Today we’d like to introduce you to Kelly Mangel.
Kelly, let’s start with your story. We’d love to hear how you got started and how the journey has been so far.
I moved to the Keys in 2007. I was previously a teacher in New Jersey. I transitioned Treasure Village Montessori as the Assistant Principal, and I have been here ever since. I became Principal in 2013.
Overall, has it been relatively smooth? If not, what were some of the struggles along the way?
Throughout the transitions, life was both an adventure and an obstacle. A few years after moving to the keys I found myself divorced and a single mom trying to make everything work for my children.

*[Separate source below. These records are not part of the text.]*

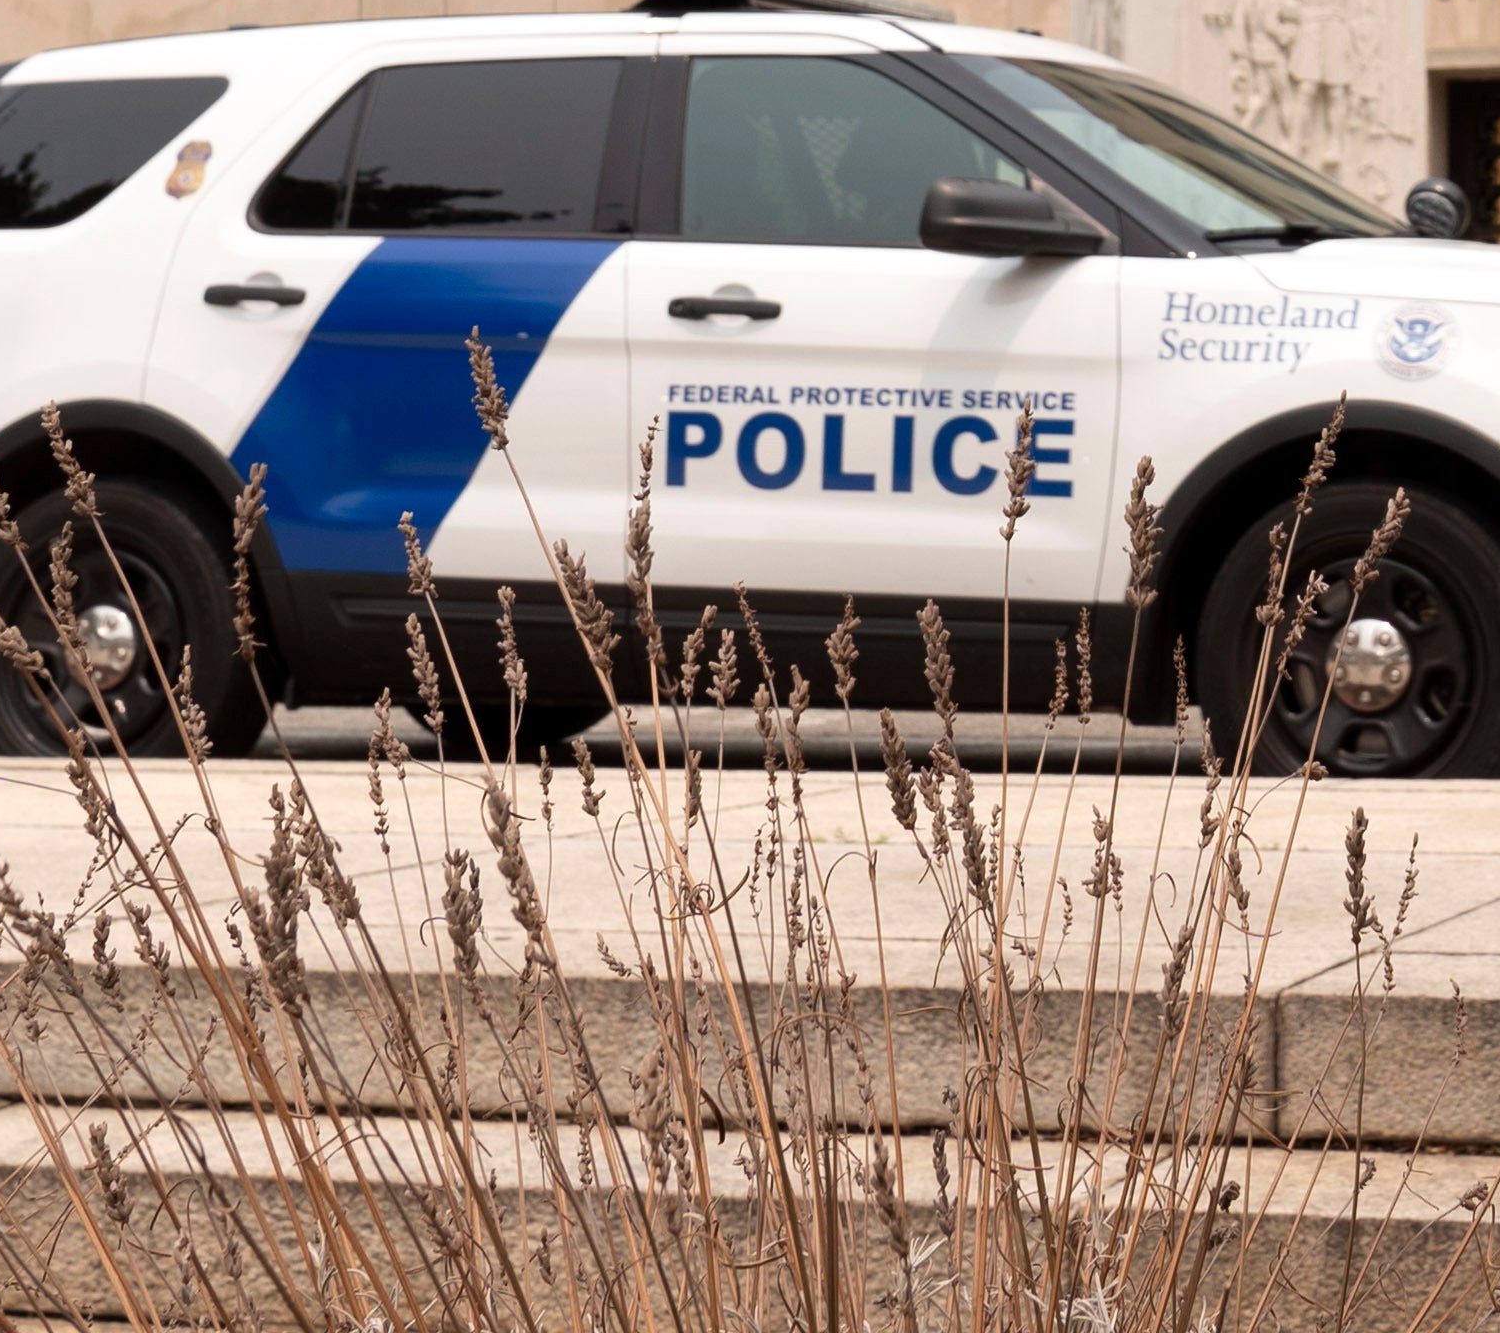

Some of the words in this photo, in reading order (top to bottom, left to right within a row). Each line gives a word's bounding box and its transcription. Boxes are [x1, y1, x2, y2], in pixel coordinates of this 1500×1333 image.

[1162, 291, 1361, 330] Homeland
[1157, 329, 1311, 374] Security
[668, 384, 780, 404] FEDERAL
[790, 386, 953, 409] PROTECTIVE
[962, 389, 1077, 411] SERVICE
[665, 411, 1077, 499] POLICE

The saving grace was being able to work with them everyday and not miss any time with them. I am lucky to be their mom and a part of their educational journey.

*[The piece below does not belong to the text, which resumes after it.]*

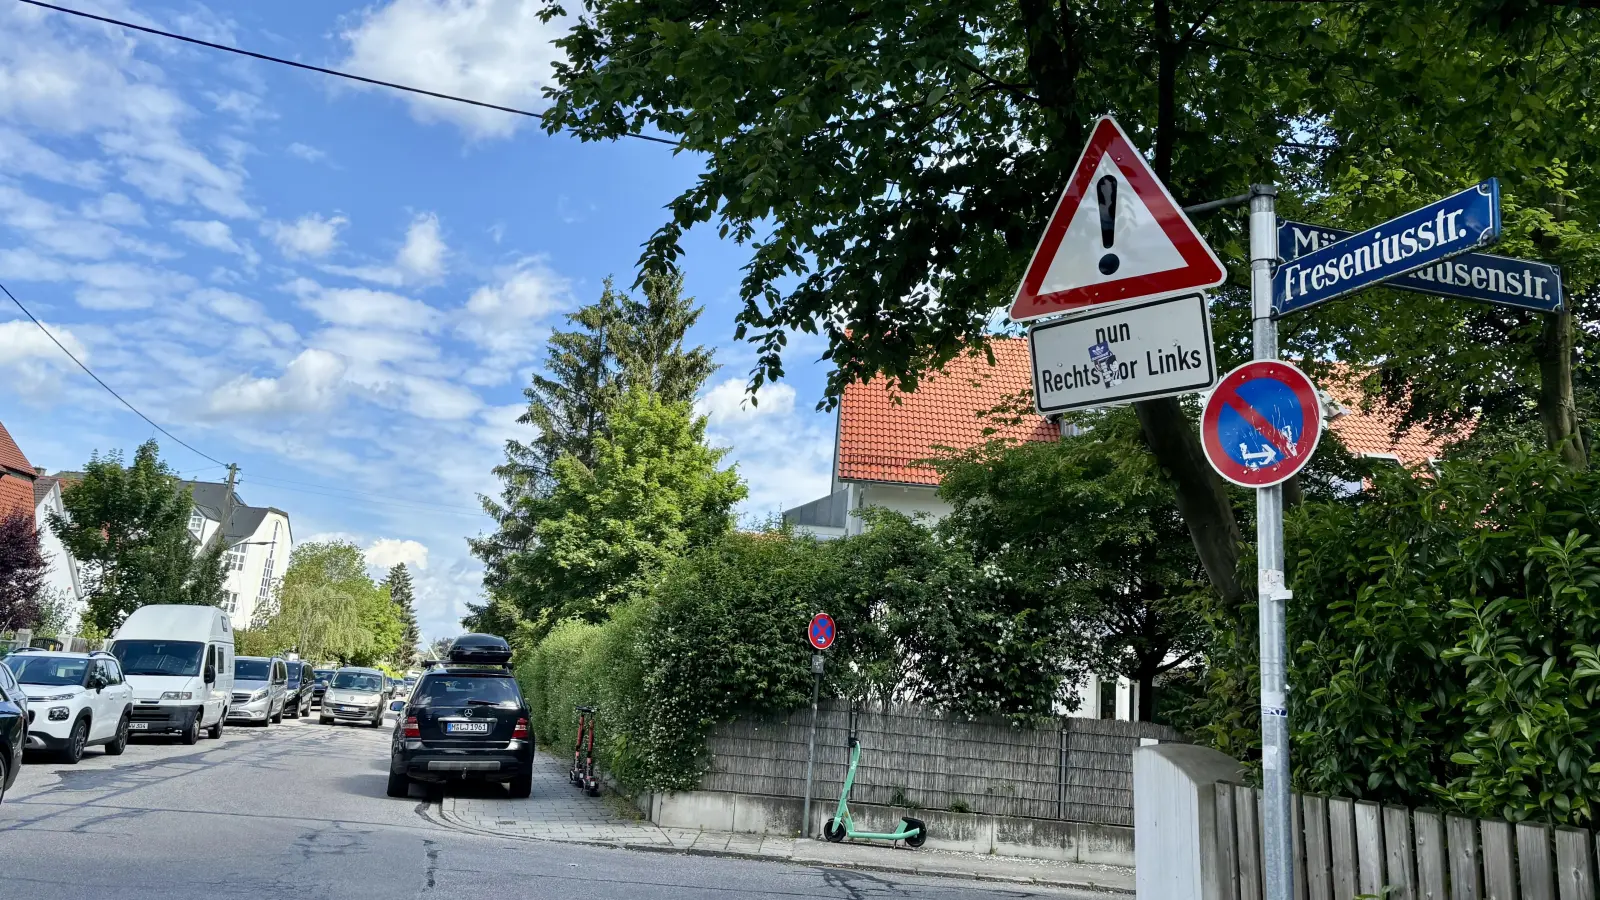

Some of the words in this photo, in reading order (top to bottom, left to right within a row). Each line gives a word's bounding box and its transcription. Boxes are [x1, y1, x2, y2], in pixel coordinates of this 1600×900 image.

This was difficult because all of my extended family lives outside of the state and it was difficult to see them. I built a support system with my colleagues and family friends and TVM (Treasure Village Montessori) became our family.
Please tell us about Treasure Village Montessori Charter School.
I am the Principal of Treasure Village Montessori Charter school. We are a unique school in the Florida Keys. We lead the district in top test scores and offer individualized and innovative learning.
Since I became a part of the school our enrollment has almost doubled, our staff has become more established, and our program is one that is looked at by others to emulate.
Our focus is on the whole child, and we spend time fostering the growth of the social and emotional components of growing up as much as the academic growth in basic subject areas.
As a charter school, we blend the Montessori philosophy with the Florida State standards and offer a program that is 100% unique.
What role has luck had in your life and business?
I believe that I create my own luck based on my current mindset. If I have a growth mindset I can learn from everything and even the hurdles are nothing but a learning experience.
If I am in set mindset things, tend to seem negative, and they can get me down. I didn’t always think that way, but over the year and with guidance from a few mentors in the field (Connie Chapell and Lynn Barras) I have learned that much of what we do is based on perspective.